On Tuesday, February 10, US Treasury Secretary Scott Bessent delivered a keynote speech via video at the CEO Conference hosted by BTG Pactual Bank in Brazil, setting the tone for the current US-China relations. He emphasized that the US and China will maintain a competitive relationship, with the US focusing on strategic industries such as critical minerals, semiconductors, and pharmaceuticals to “regain sovereignty” from China.
Bessent stressed that the US is not seeking decoupling but must implement “de-risking” measures. Additionally, he expressed optimism about the US economic outlook, stating that through regulatory relaxation and supply-side reforms, the US GDP growth rate is expected to reach 6% this year.
During the conference, Bessent stated, “The current US-China relationship is in a very comfortable place. We are competitors, but we want competition to be fair. The US is not seeking decoupling from China but must implement de-risking.”
He reiterated that the US is working to “regain sovereignty” in strategic industries such as critical minerals, semiconductors, and pharmaceuticals to reduce reliance on external supply chains. He pointed out that healthy competition can prevent economic stagnation.
“We will always be competitors. And I believe competition makes people better, not stagnant,” he said.
Furthermore, Bessent revealed plans to meet with Chinese Vice Premier He Lifeng in the coming weeks to pave the way for President Trump’s visit to China in April.
Bessent confirmed that China is actively fulfilling its trade commitments and is expected to complete the purchase of 12 million metric tons of US soybeans by the end of February.

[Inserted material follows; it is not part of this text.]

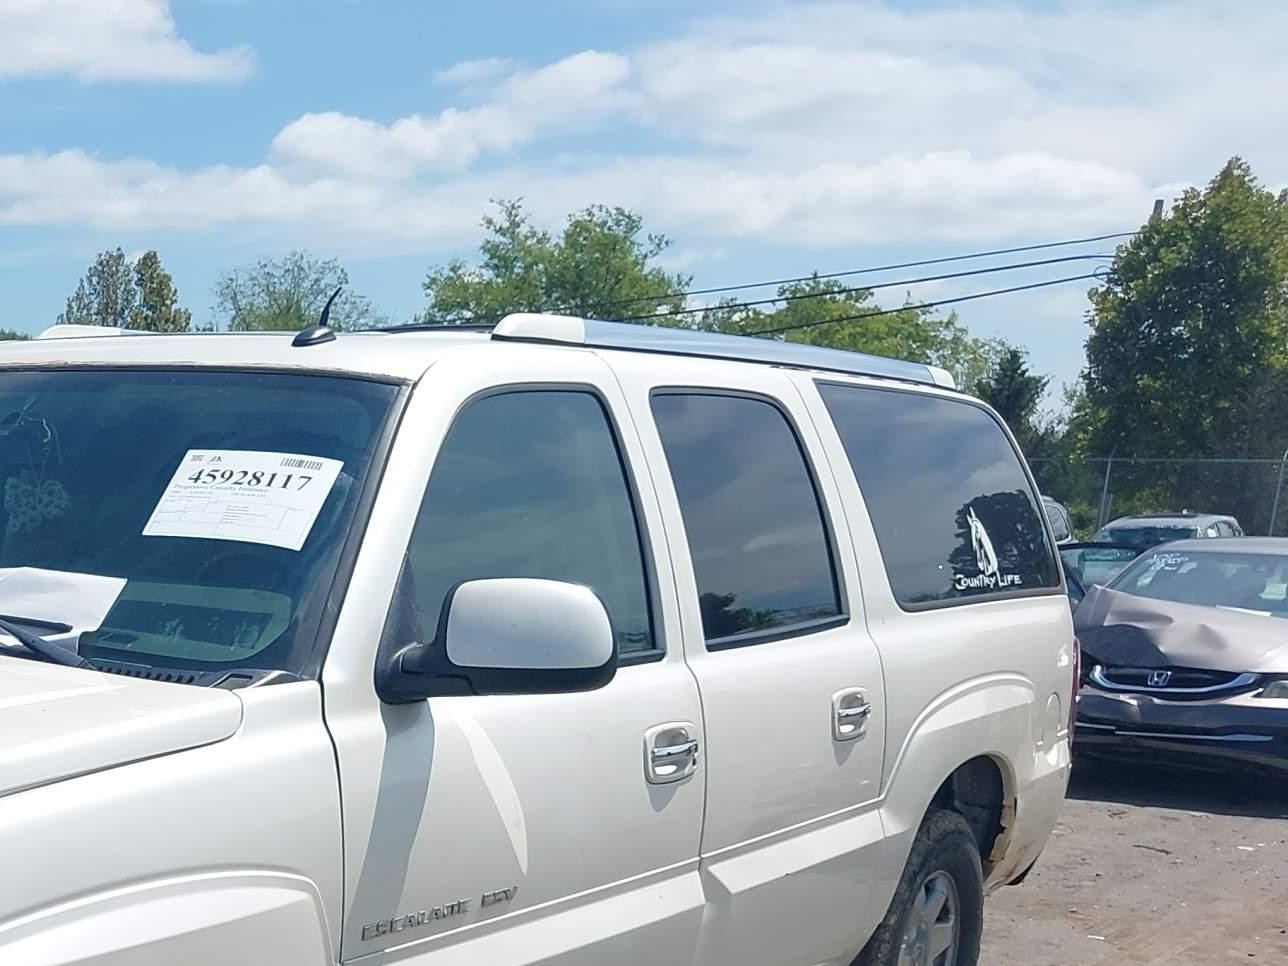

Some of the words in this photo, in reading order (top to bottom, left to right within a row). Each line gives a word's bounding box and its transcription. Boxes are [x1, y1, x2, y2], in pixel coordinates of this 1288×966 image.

[188, 468, 313, 491] 45928117
[361, 898, 472, 941] ESCALADE
[481, 885, 519, 908] ESV

However, Bessent issued a stern warning that the world cannot sustain China’s ongoing trade surplus of approximately $1 trillion, stating that it is not feasible.
He emphasized that Beijing must adjust its economic model to achieve global trade balance.
In addition to US-China relations, Bessent also outlined the ambitious economic goals of the Trump administration. He predicted that with policies aimed at deregulation and supply-side stimulus, the US nominal GDP growth rate in 2026 is expected to reach 6%.
“The US should focus on economic growth to reduce the government deficit rather than through taxation,” Bessent said. “By restraining spending, easing regulations, and implementing supply-side stimulus measures to boost economic indicators, the US nominal growth rate could exceed 6% this year, which will address many issues.”
He also reiterated the Trump administration’s “3-3-3” plan, which includes achieving 3% real GDP growth, reducing the fiscal deficit as a percentage of GDP to 3% before Trump leaves office (currently at 5.4%), and increasing daily oil production by 3 million barrels to achieve energy independence and cost reduction.
Addressing market concerns about the Federal Reserve (Fed) personnel, Bessent explained the considerations behind Trump’s nomination of Kevin Warsh as chairman. He pointed out that the government hopes the new generation of central bank leaders will evaluate the profound impact of technological changes such as artificial intelligence (AI) on productivity and inflation with an open mind to ensure policies do not lag behind.
Bessent is optimistic about the economic prospects driven by technology, likening it to past technological revolutions.
“We will not eliminate jobs but will reallocate labor to higher-value positions such as customer service, tourism, etc.,” he mentioned.
In his speech, Bessent positioned Latin America as the core of current US geopolitical and economic strategies. He noted that there is now a “generational opportunity,” and the US will strengthen and support countries undertaking market-oriented reforms and willing to integrate more closely with Washington.
He particularly praised Argentine President Javier Milei’s reform agenda and pledged US support for economic stability in the region.
Regarding the host country Brazil, Bessent acknowledged that while there were initial challenges in relations with the Trump administration, a solid foundation for interaction has now been established.
He revealed that a Brazilian delegation is expected to visit Washington in early March for in-depth discussions on tariff policies, critical minerals, and semiconductor supply chain cooperation.